Dans mon pays, la radio de création s’est installée dans le paysage artistique et social de façon durable et sérieuse.

A l'école, des haut-parleurs sont installés à gauche et à droite du tableau. Les professeurs font écouter des extraits de documentaires historiques, des lectures de textes célèbres (on ne pense jamais à faire la lecture à des ados, mais ça marche...), des chansons pour apprendre les langues étrangères, les informations, des émissions scientifiques, etc... Les productions sonores sont considérées comme de véritables outils pédagogiques (bien moins chères que la vidéo). Aussi l’éducation nationale commande régulièrement des sonores-pédagogiques. Une étude récente sur des élèves de seconde a mis en avant un réel développement de l’écoute et de l’imaginaire. 

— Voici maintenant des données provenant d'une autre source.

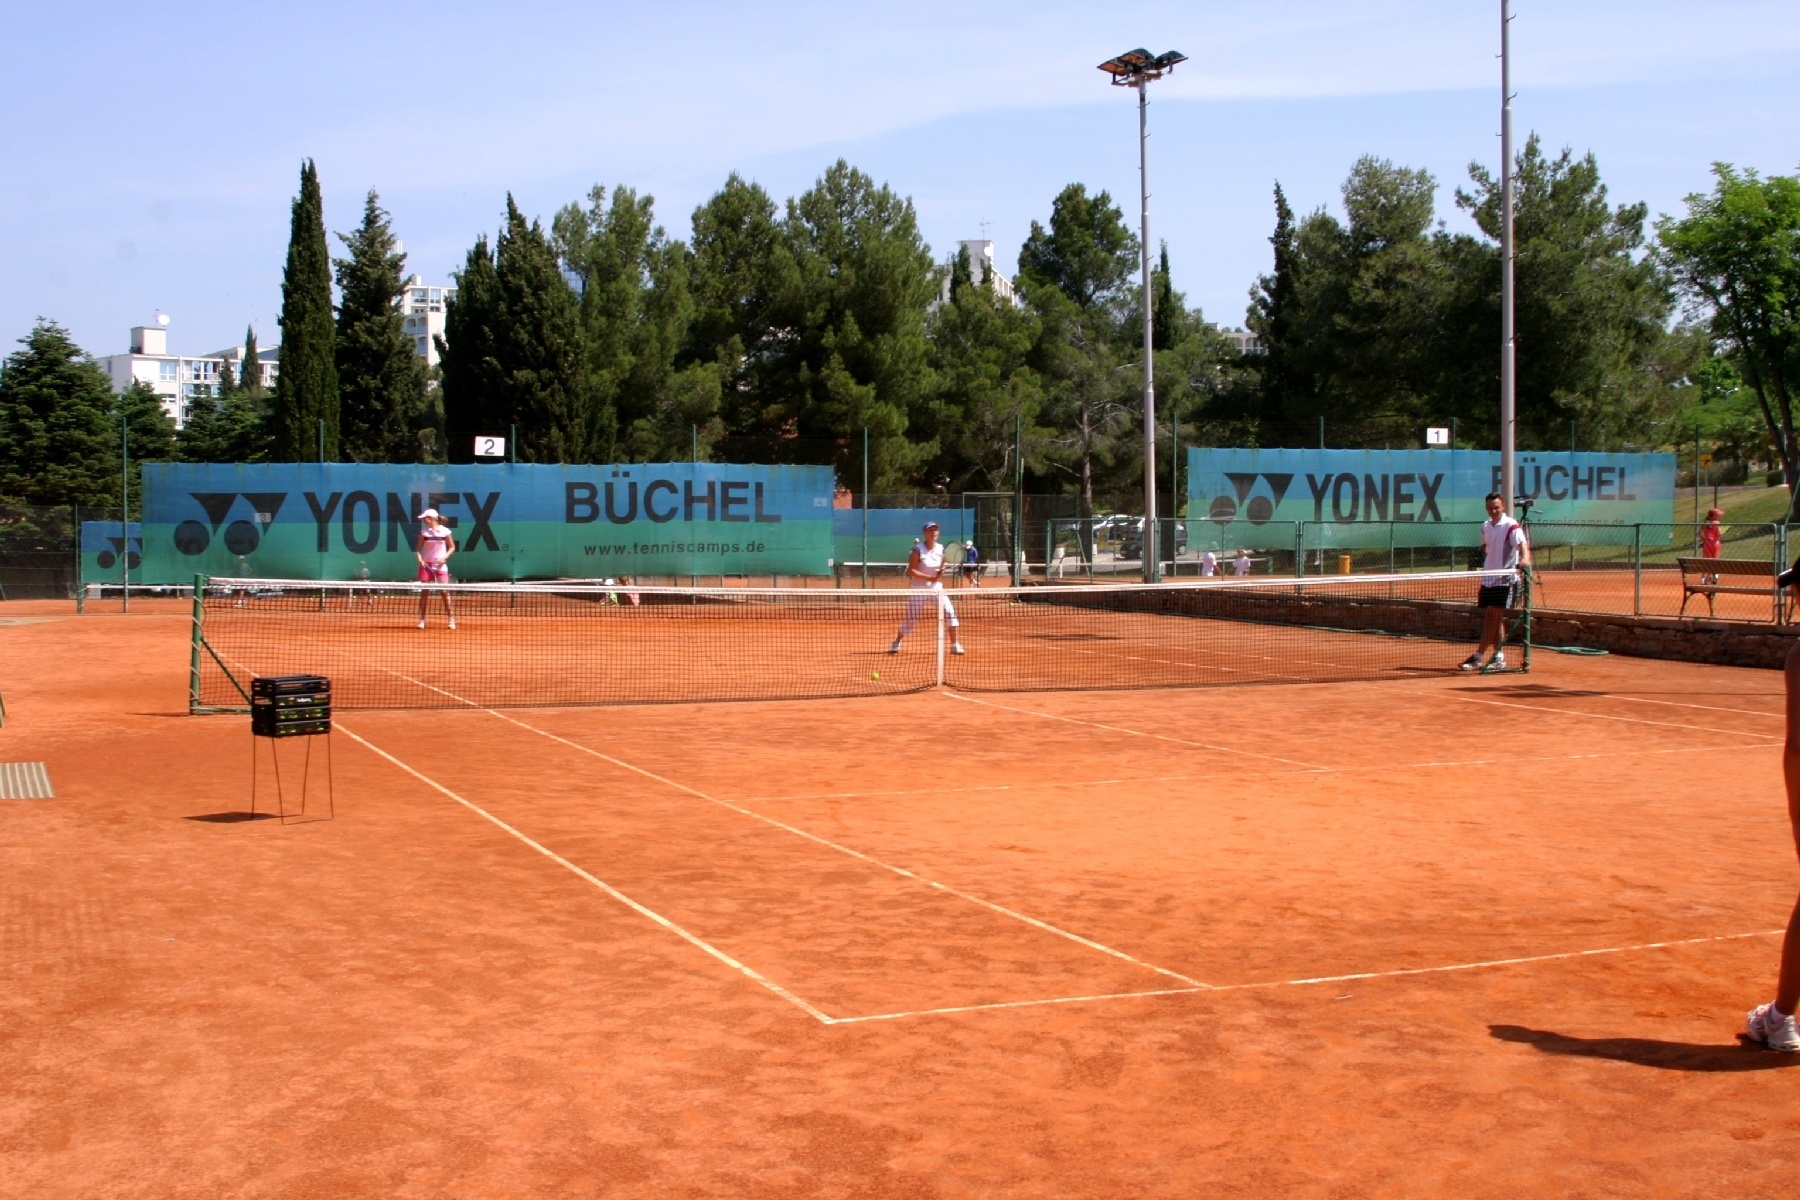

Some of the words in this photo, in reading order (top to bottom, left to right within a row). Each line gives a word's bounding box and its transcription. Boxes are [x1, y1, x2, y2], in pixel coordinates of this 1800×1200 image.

[1434, 430, 1440, 443] 1
[484, 439, 495, 455] 2
[1305, 472, 1445, 524] YONEX
[303, 490, 501, 554] YONEX
[565, 471, 781, 525] BÜCHEL
[584, 541, 766, 556] www.tenniscamps.de

Dans mon pays, le soir ou le week-end, des élèves et des professeurs (des citoyens) vont à la maison du son. On peut y découvrir les dernières productions avec des acteurs connus tels Tulian Bopart ou encore Dyrcona Mima. On peut aussi y écouter les archives de ces 100 dernières années, librement diffusables depuis que la totalité de la mémoire radiophonique de 1945 à 2045 a été mis sous Créatives Commons par l’INA. Le public redécouvre ces grands auteurs, tels Christophe Deleu et François Teste, ce duo incontournable du début du siècle qui a réalisé la première fiction radiophonique sortie dans les salles de cinéma 1. Aussi, depuis quelques temps, de nombreuses traductions de livres indispensables traitant du langage et de l’écriture radiophonique sont sortis en libraire 2. Ou encore cet ouvrage sur l’histoire d’ARTEradio vu par ses auteurs avec notamment la réédition tant attendue de l’intégrale des célèbres éditos de Silvain Gire3.

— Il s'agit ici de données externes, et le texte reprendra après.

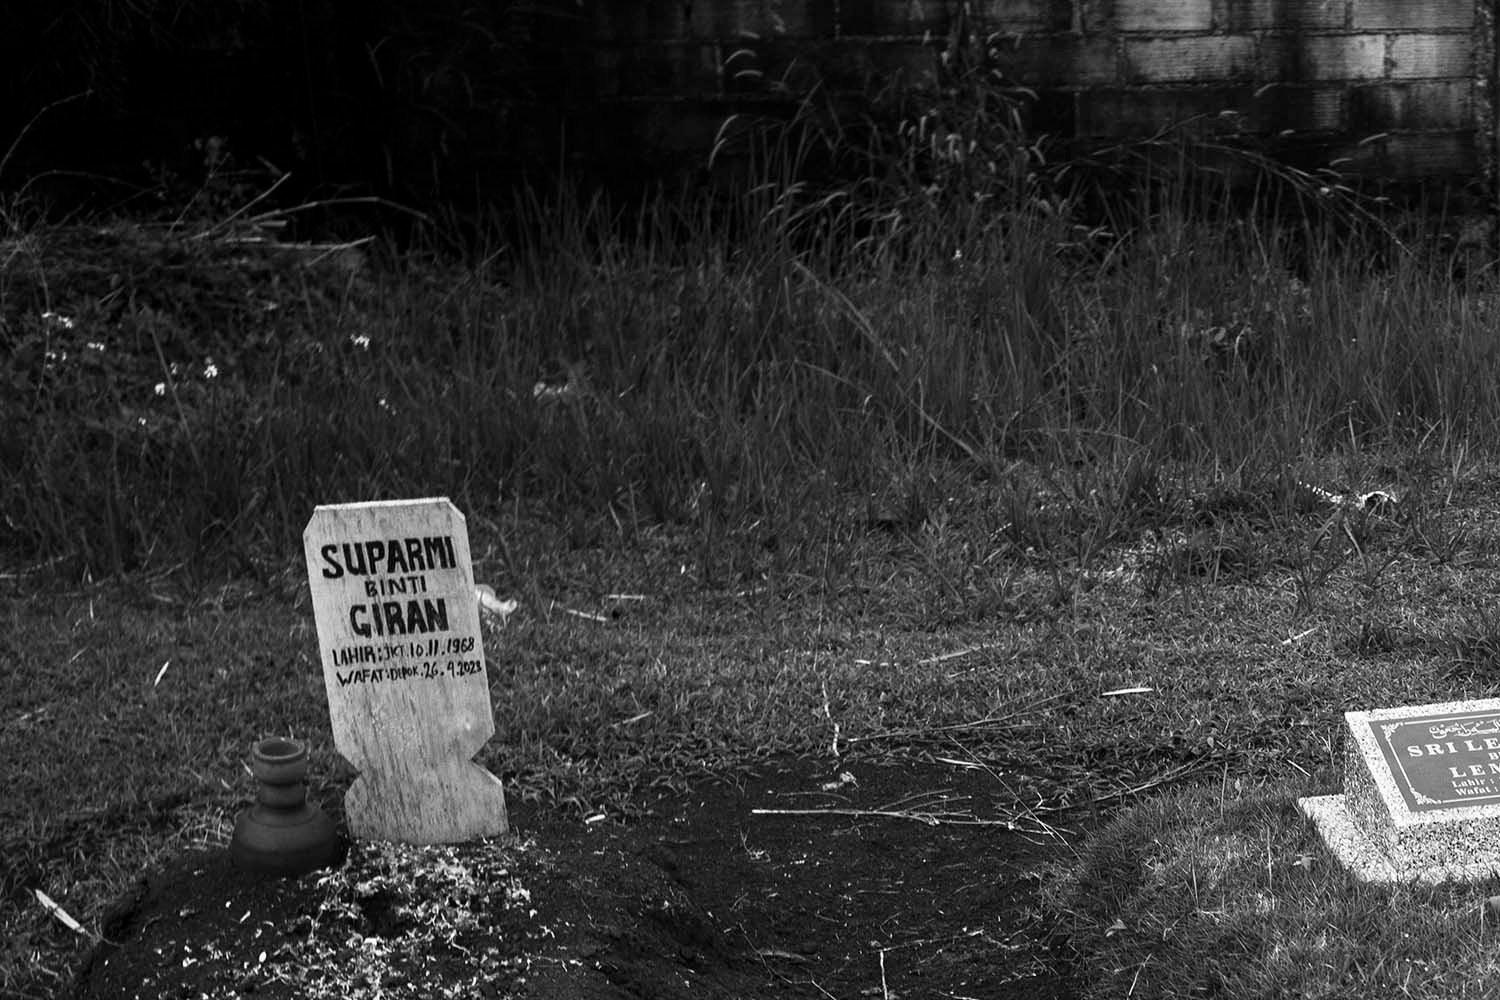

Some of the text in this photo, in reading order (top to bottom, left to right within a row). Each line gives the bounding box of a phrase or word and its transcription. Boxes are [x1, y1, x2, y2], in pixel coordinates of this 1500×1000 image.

[320, 535, 457, 579] SUPARMI
[364, 575, 428, 597] BINTI
[349, 598, 449, 639] GIRAN
[1407, 741, 1459, 759] SRI
[1451, 777, 1486, 788] Lahir
[1455, 784, 1491, 796] Wafat
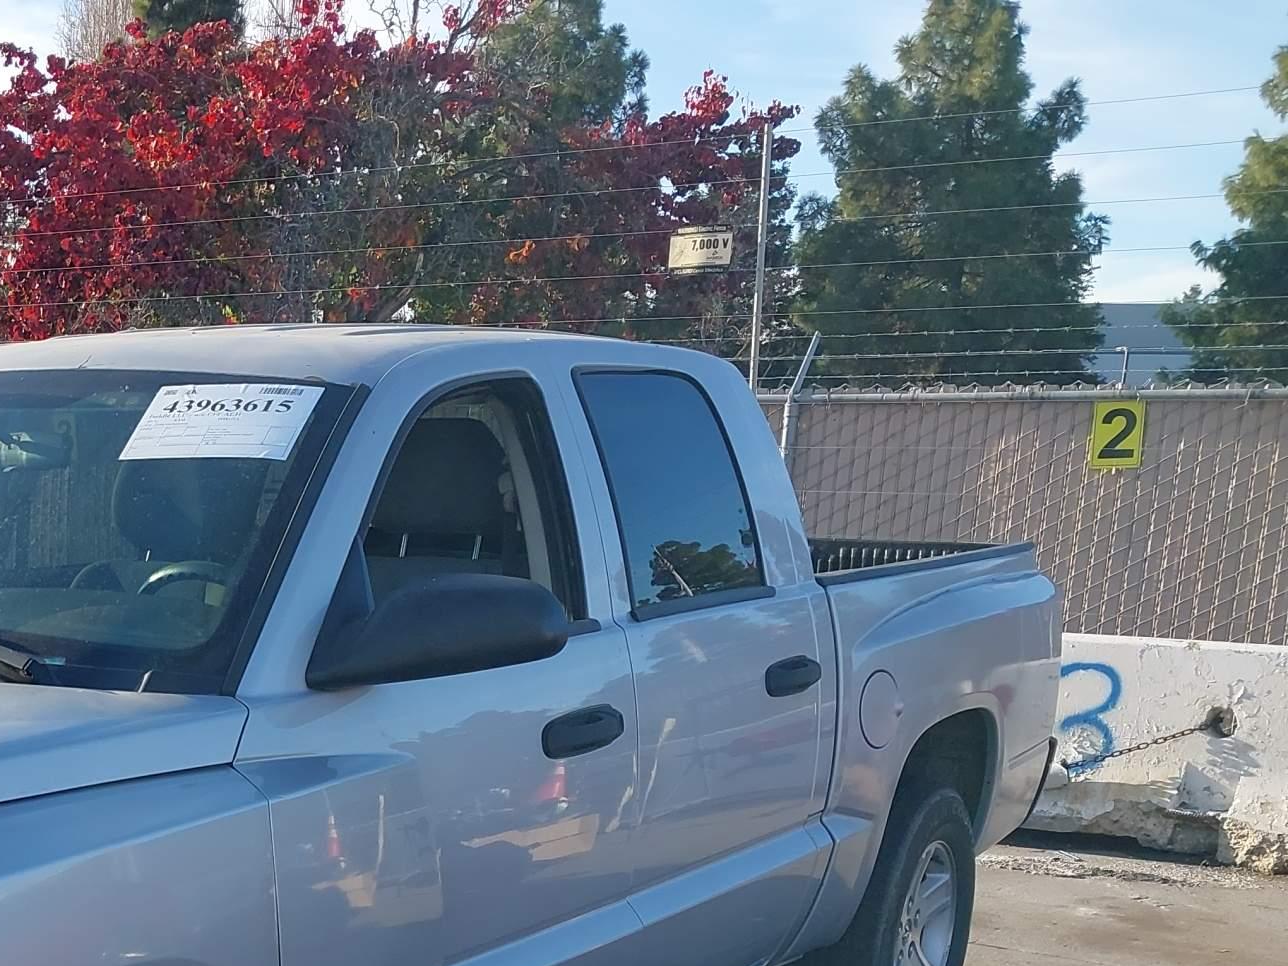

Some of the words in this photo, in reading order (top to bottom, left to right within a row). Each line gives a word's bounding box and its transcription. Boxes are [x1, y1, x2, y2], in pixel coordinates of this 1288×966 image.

[691, 237, 720, 252] 7,000
[722, 237, 730, 249] V
[162, 398, 295, 414] 43963615
[1097, 407, 1138, 459] 2

Et puis nous avons des grandes écoles. L’institut René Jantet, par exemple délivre un diplôme bac+5 en réalisation radiophonique, technique et artistique. Mais aussi l’école d’acteur l’HIIIAC qui propose enfin un cursus complet d’apprentissage du jeu radiophonique mettant fin à ces nombreuses années de jeu ringard et de réalisations surannées.

De plus, les avancés techniques ont poussé les radios numériques à abandonner le BAD+ et la Hèrenneté4 Elles diffusent toutes via la 8G dans un format libre non compressé, avec possibilité d’avoir les sous-titres en temps réel pour écouter des pièces étrangères.

Enfin, dans mon pays, les artistes de radio (auteurs, réalisateurs, monteurs, mixeurs, bruiteurs, producteurs, assistants, acteurs, musiciens, etc..) sont rémunérés via le RAPEAR (Revenu d’Aide Publique pour l’Existence de l’Art Radiophonique) puisque qu’il a été établi de façon indiscutable, avec tous les partenaires sociaux et médiatiques, que la radio était définitivement un art "inutile-mais-important-quand-même" pour l’éducation et la constitution d’une réflexion abstraite et non-exclusive5. En effet, de par sa légèreté et la politique de partage de l’écoute, cet art ne peut définitivement pas se transformer en industrie et donc être avalée par les fonctionnements du capitalisme. La création radiophonique est donc, dans mon pays, entièrement subventionnée. Les artistes touchent le revenu universel, comme tout le monde.  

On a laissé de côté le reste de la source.